▶ _Task details_:
Copy each record exactly and skip its pictures.

^^^^^^^^^^^^^^^^

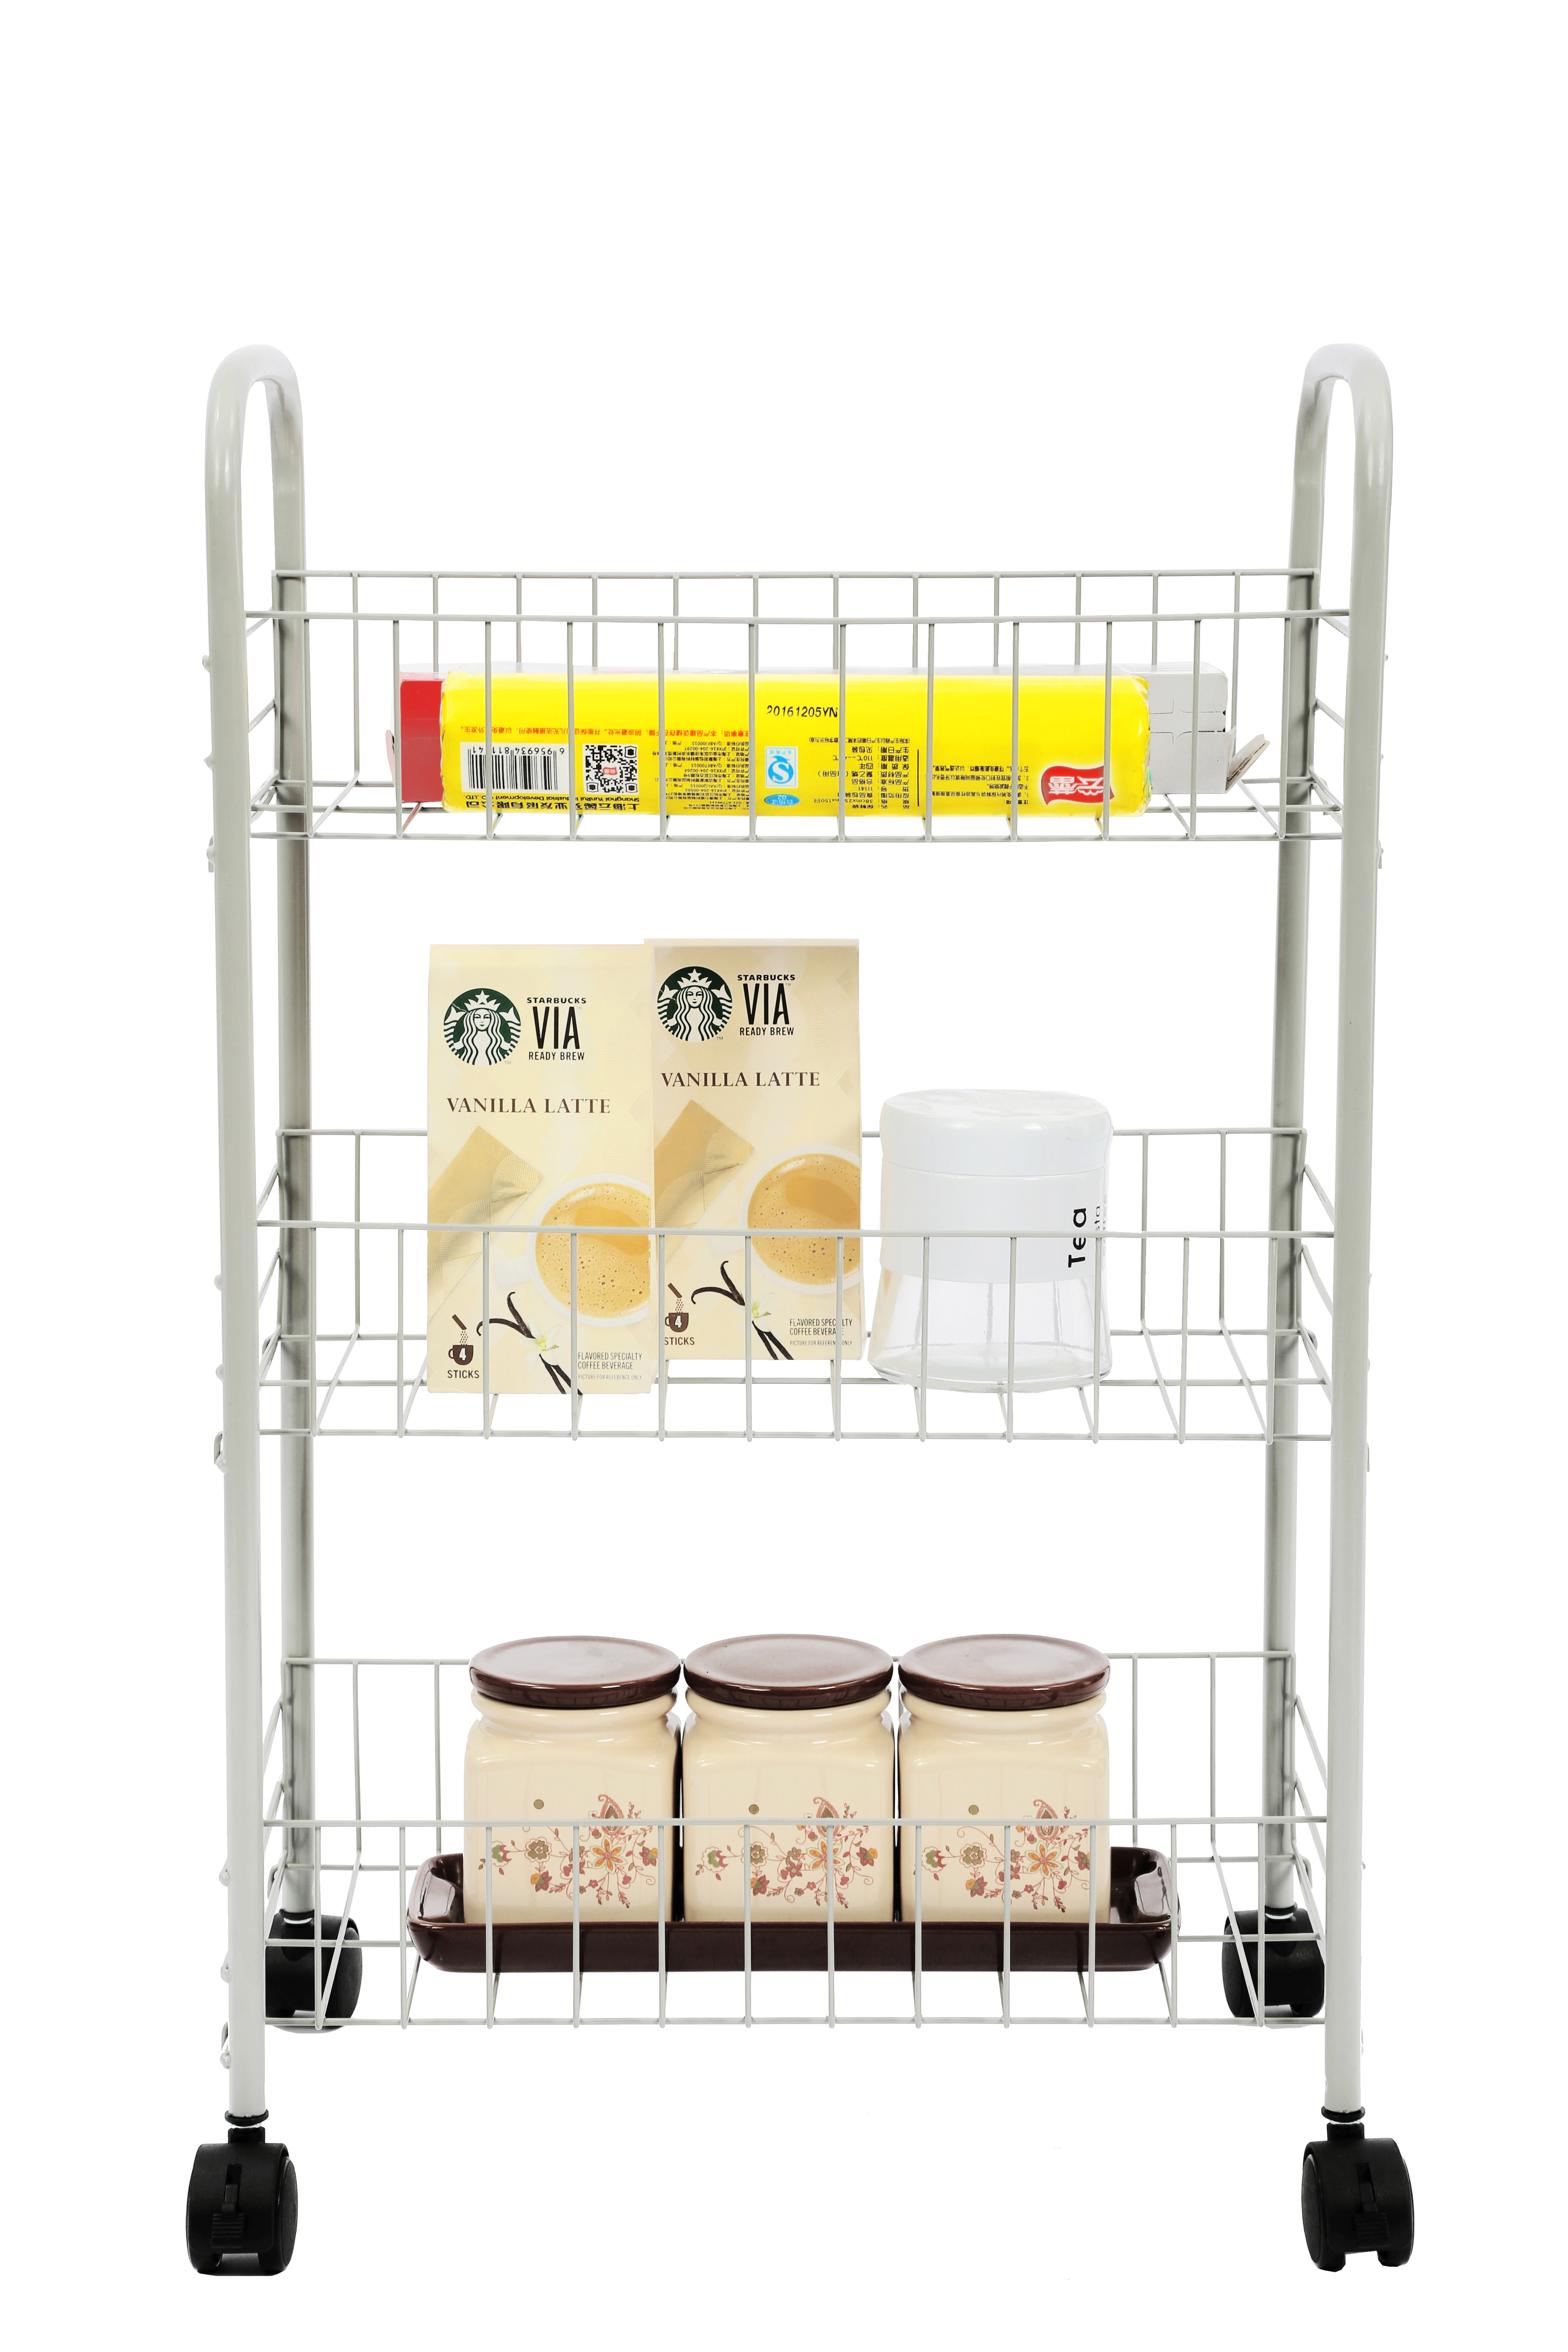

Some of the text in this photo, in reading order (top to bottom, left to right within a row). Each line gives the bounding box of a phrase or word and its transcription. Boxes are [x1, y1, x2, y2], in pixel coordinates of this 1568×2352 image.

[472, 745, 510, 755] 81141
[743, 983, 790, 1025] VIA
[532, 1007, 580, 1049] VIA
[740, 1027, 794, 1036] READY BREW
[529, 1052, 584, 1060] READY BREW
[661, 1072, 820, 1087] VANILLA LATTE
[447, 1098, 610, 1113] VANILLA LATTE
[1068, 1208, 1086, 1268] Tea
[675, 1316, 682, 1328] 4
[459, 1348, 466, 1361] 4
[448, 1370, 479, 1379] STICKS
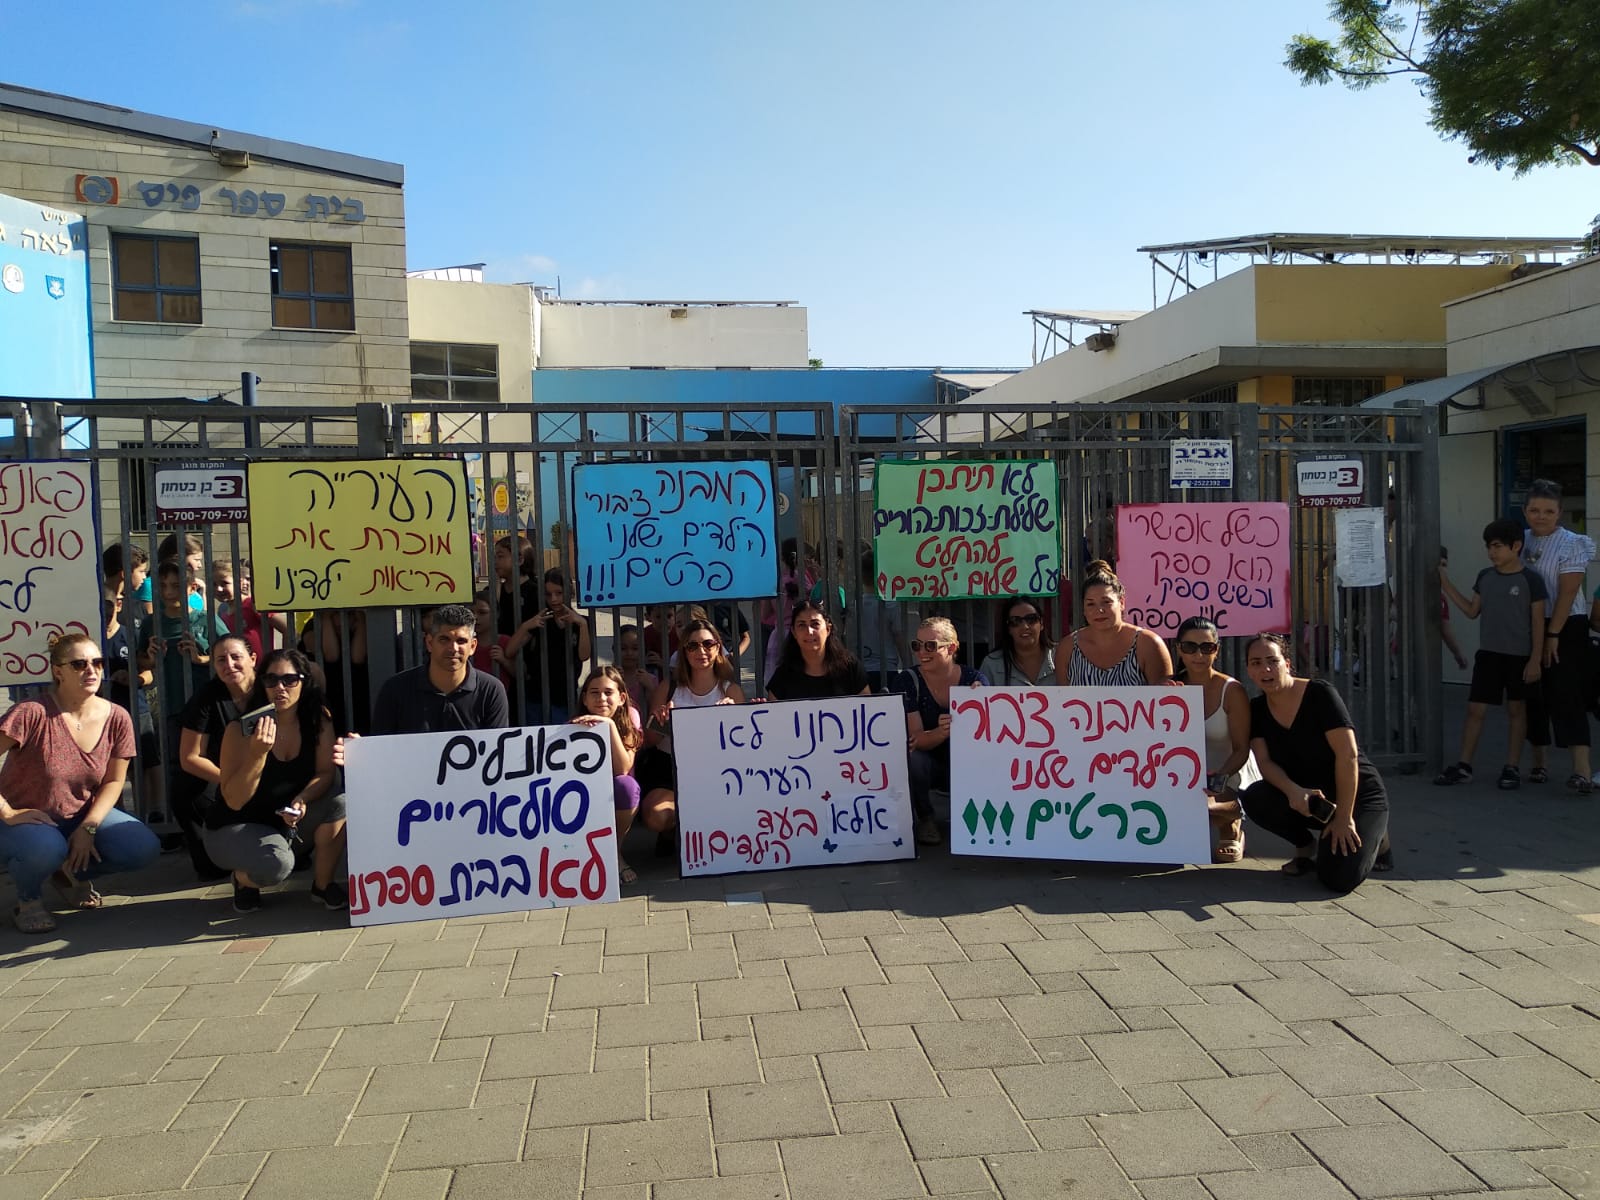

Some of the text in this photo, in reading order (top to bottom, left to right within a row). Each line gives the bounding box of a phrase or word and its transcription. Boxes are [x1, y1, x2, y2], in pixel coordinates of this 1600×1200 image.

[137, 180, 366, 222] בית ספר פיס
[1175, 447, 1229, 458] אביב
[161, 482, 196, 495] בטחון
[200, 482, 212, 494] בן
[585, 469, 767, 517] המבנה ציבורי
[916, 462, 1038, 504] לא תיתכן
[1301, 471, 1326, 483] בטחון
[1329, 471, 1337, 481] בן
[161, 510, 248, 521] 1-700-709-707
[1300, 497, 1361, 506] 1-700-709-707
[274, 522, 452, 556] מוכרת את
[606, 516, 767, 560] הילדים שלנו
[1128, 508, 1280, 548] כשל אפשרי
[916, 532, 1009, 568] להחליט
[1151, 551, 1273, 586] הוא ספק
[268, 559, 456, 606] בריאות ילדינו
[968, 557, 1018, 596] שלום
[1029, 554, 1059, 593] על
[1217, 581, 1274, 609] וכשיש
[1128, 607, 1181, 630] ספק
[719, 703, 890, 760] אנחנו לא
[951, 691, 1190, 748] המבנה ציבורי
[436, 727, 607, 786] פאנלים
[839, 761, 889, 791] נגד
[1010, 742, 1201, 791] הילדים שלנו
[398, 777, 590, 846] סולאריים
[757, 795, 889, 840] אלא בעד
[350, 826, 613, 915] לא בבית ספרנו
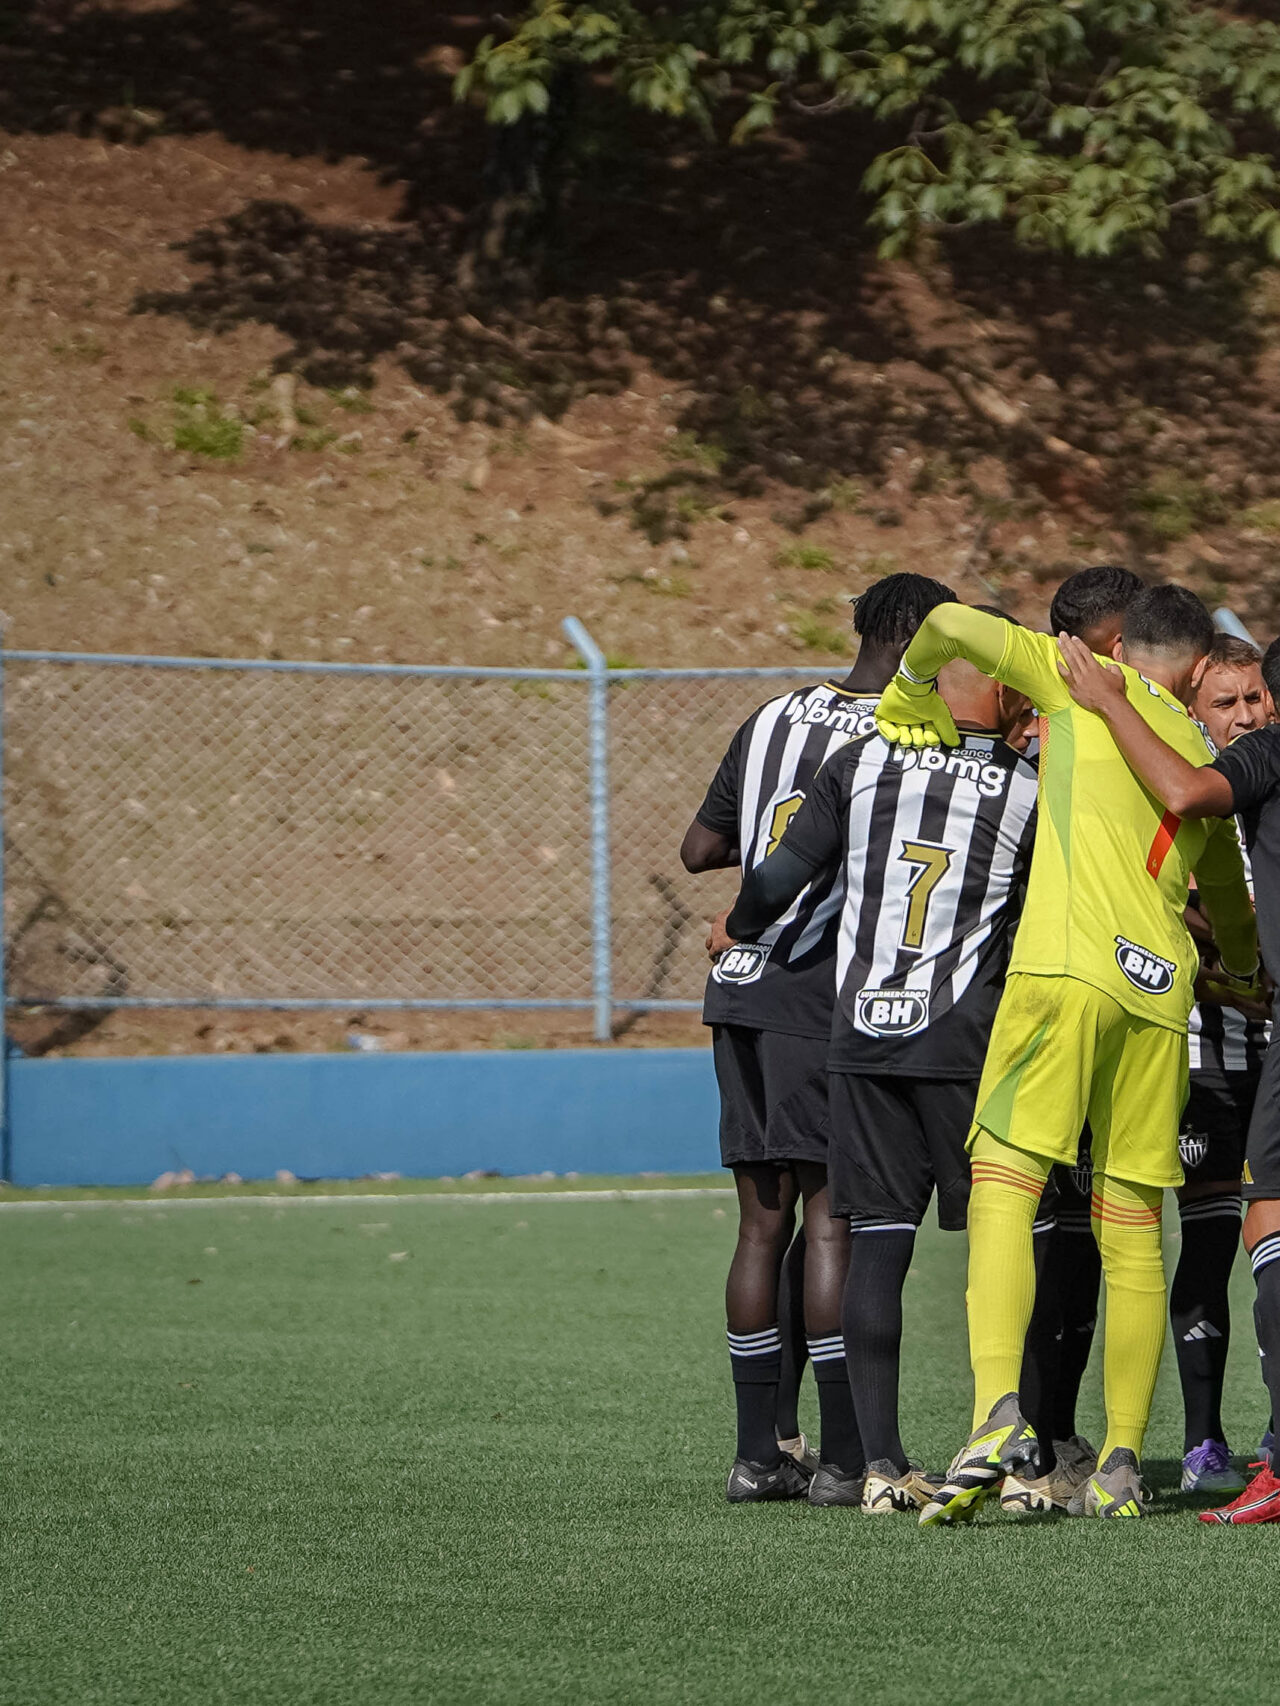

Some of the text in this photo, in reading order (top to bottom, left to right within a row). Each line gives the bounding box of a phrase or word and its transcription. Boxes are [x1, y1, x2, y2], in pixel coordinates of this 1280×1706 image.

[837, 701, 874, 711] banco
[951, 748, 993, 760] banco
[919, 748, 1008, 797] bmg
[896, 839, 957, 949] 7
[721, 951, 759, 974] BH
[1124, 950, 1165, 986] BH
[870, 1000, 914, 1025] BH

^^^^^^^^^^^^^^^^

▶ _Reply to the exercise_:
Some of the text in this photo, in reading order (top to bottom, left to right within a row). Each line gives the bounding box of a phrase or word and its transcription. Boxes are [x1, y1, x2, y2], in pixel coordinates of this 1568×2352 image.

[472, 745, 510, 755] 81141
[743, 983, 790, 1025] VIA
[532, 1007, 580, 1049] VIA
[740, 1027, 794, 1036] READY BREW
[529, 1052, 584, 1060] READY BREW
[661, 1072, 820, 1087] VANILLA LATTE
[447, 1098, 610, 1113] VANILLA LATTE
[1068, 1208, 1086, 1268] Tea
[675, 1316, 682, 1328] 4
[459, 1348, 466, 1361] 4
[448, 1370, 479, 1379] STICKS

Some of the text in this photo, in reading order (top to bottom, left to right within a row). Each line gives the bounding box of a phrase or word and its transcription. Boxes are [x1, y1, x2, y2], in pixel coordinates of this 1600×1200 image.

[137, 180, 366, 222] בית ספר פיס
[1175, 447, 1229, 458] אביב
[161, 482, 196, 495] בטחון
[200, 482, 212, 494] בן
[585, 469, 767, 517] המבנה ציבורי
[916, 462, 1038, 504] לא תיתכן
[1301, 471, 1326, 483] בטחון
[1329, 471, 1337, 481] בן
[161, 510, 248, 521] 1-700-709-707
[1300, 497, 1361, 506] 1-700-709-707
[274, 522, 452, 556] מוכרת את
[606, 516, 767, 560] הילדים שלנו
[1128, 508, 1280, 548] כשל אפשרי
[916, 532, 1009, 568] להחליט
[1151, 551, 1273, 586] הוא ספק
[268, 559, 456, 606] בריאות ילדינו
[968, 557, 1018, 596] שלום
[1029, 554, 1059, 593] על
[1217, 581, 1274, 609] וכשיש
[1128, 607, 1181, 630] ספק
[719, 703, 890, 760] אנחנו לא
[951, 691, 1190, 748] המבנה ציבורי
[436, 727, 607, 786] פאנלים
[839, 761, 889, 791] נגד
[1010, 742, 1201, 791] הילדים שלנו
[398, 777, 590, 846] סולאריים
[757, 795, 889, 840] אלא בעד
[350, 826, 613, 915] לא בבית ספרנו

Some of the text in this photo, in reading order (top to bottom, left to right within a row). Each line gives the bounding box of a phrase or word and its transcription. Boxes are [x1, y1, x2, y2], in pixel coordinates of this 1280×1706 image.

[837, 701, 874, 711] banco
[951, 748, 993, 760] banco
[919, 748, 1008, 797] bmg
[896, 839, 957, 949] 7
[721, 951, 759, 974] BH
[1124, 950, 1165, 986] BH
[870, 1000, 914, 1025] BH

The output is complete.